Fix this by calling cpus_read_unlock() before calling
stop_per_cpu_kthreads. This behavior can also be seen in commit
f46b16520a08 ("trace/hwlat: Implement the per-cpu mode").

This error was noticed during the LTP ftrace-stress-test:

WARNING: possible recursive locking detected
--------------------------------------------
sh/275006 is trying to acquire lock:
ffffffffb02f5400 (cpu_hotplug_lock){++++}-{0:0}, at: stop_per_cpu_kthreads

but task is already holding lock:
ffffffffb02f5400 (cpu_hotplug_lock){++++}-{0:0}, at: start_per_cpu_kthreads

other info that might help us debug this:
 Possible unsafe locking scenario:

      CPU0
      ----
 lock(cpu_hotplug_lock);
 lock(cpu_hotplug_lock);

 *** DEADLOCK ***

May be due to missing lock nesting notation

3 locks held by sh/275006:
 #0: ffff8881023f0470 (sb_writers#24){.+.+}-{0:0}, at: ksys_write
 #1: ffffffffb084f430 (trace_types_lock){+.+.}-{3:3}, at: rb_simple_write
 #2: ffffffffb02f5400 (cpu_hotplug_lock){++++}-{0:0}, at: start_per_cpu_kthreads

Fixes: c8895e271f79 ("trace/osnoise: Support hotplug operations")
Signed-off-by: Nico Pache <npache@redhat.com>
---
 kernel/trace/trace_osnoise.c | 3 ++-
 1 file changed, 2 insertions(+), 1 deletion(-)

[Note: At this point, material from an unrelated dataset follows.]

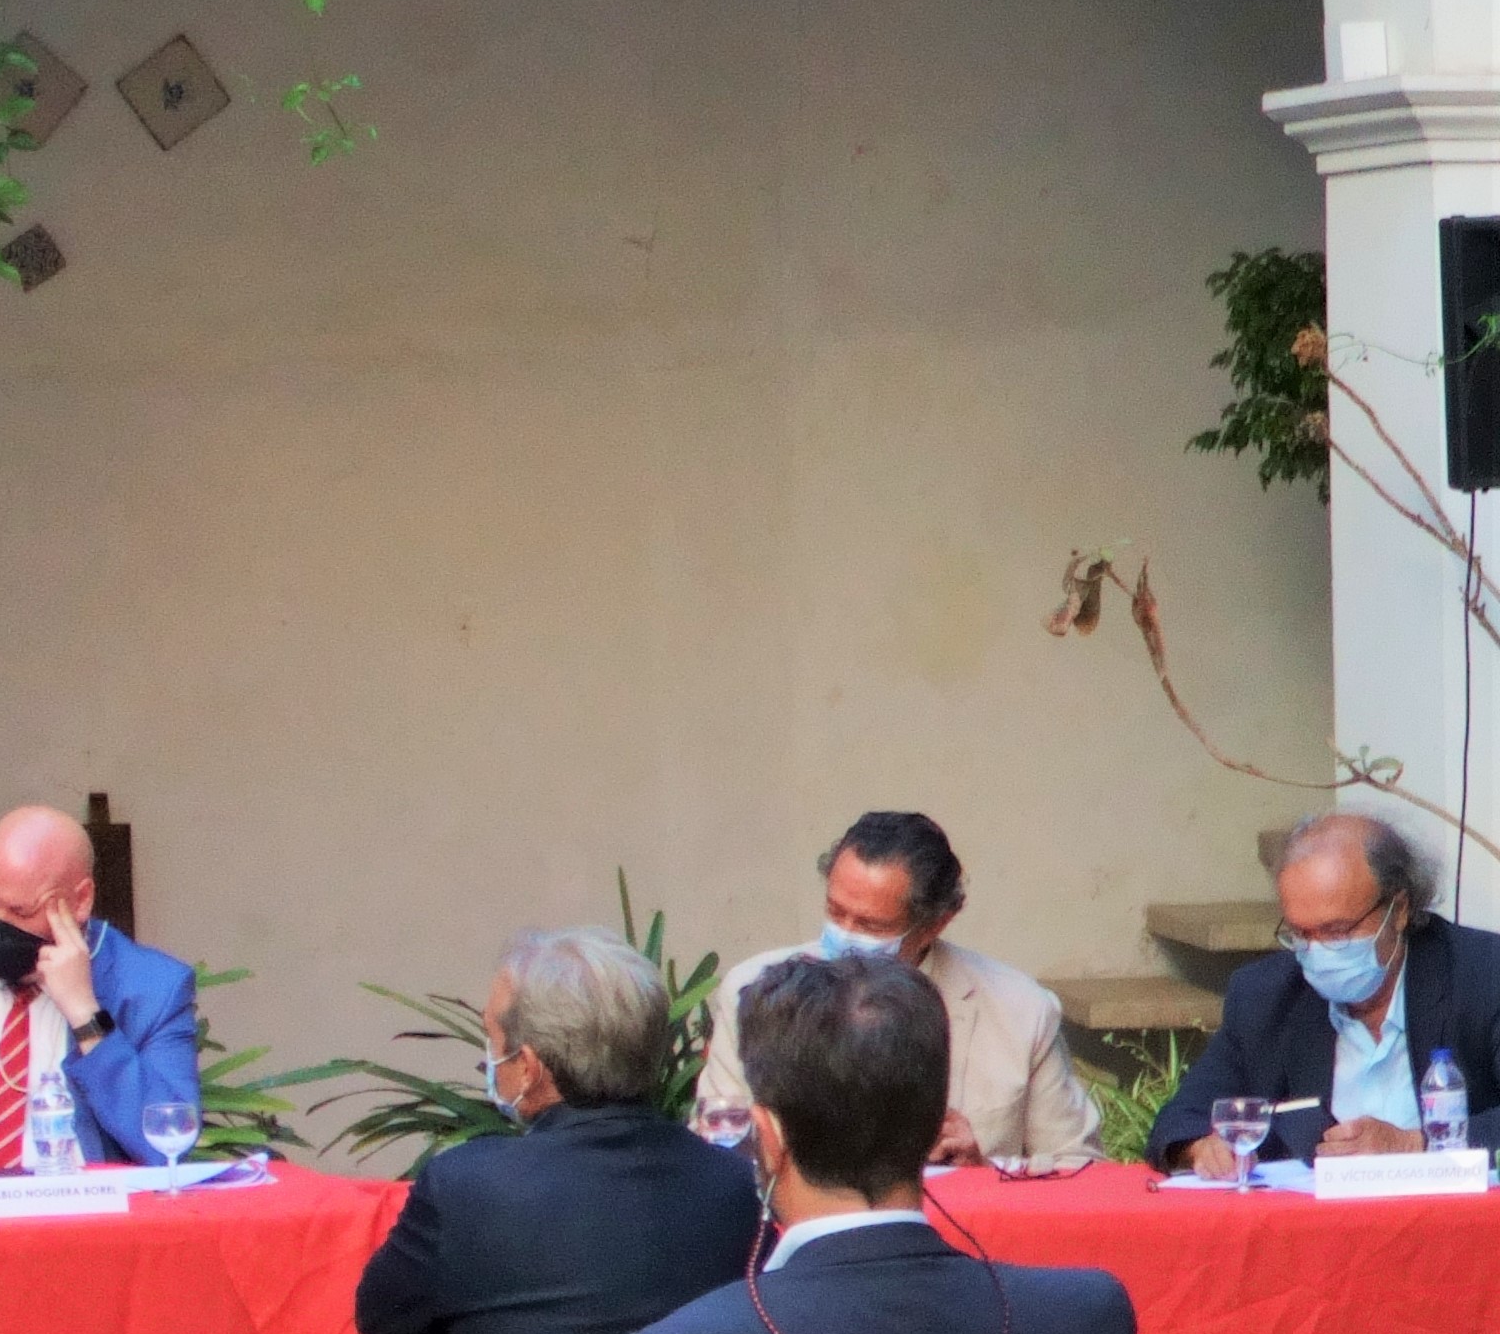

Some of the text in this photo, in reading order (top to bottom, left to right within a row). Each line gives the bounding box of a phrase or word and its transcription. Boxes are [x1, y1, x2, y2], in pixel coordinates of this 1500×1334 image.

[1388, 1167, 1425, 1181] CASAS
[26, 1187, 81, 1199] NOGUERA
[84, 1185, 117, 1196] BOREL

diff --git a/kernel/trace/trace_osnoise.c b/kernel/trace/trace_osnoise.c
index 313439920a8c..78d536d3ff3d 100644
--- a/kernel/trace/trace_osnoise.c
+++ b/kernel/trace/trace_osnoise.c
@@ -1786,8 +1786,9 @@ static int start_per_cpu_kthreads(void)
 	for_each_cpu(cpu, current_mask) {
 		retval = start_kthread(cpu);
 		if (retval) {
+			cpus_read_unlock();
 			stop_per_cpu_kthreads();
-			break;
+			return retval;
 		}
 	}
 
-- 
2.37.2
Re: [PATCH] trace/osnoise: Fix possible recursive locking in stop_per_cpu_kthreads
Posted by Daniel Bristot de Oliveira 3 years, 6 months ago
Hi Nico!

On 9/19/22 16:49, Nico Pache wrote:
> There is a recursive lock on the cpu_hotplug_lock.
> 
> In kernel/trace/trace_osnoise.c:<start/stop>_per_cpu_kthreads:
>     - start_per_cpu_kthreads calls cpus_read_lock() and if
> 	start_kthreads returns a error it will call stop_per_cpu_kthreads.
>     - stop_per_cpu_kthreads then calls cpus_read_lock() again causing
>       deadlock.

Yep, I see the problem.

> Fix this by calling cpus_read_unlock() before calling
> stop_per_cpu_kthreads. This behavior can also be seen in commit
> f46b16520a08 ("trace/hwlat: Implement the per-cpu mode").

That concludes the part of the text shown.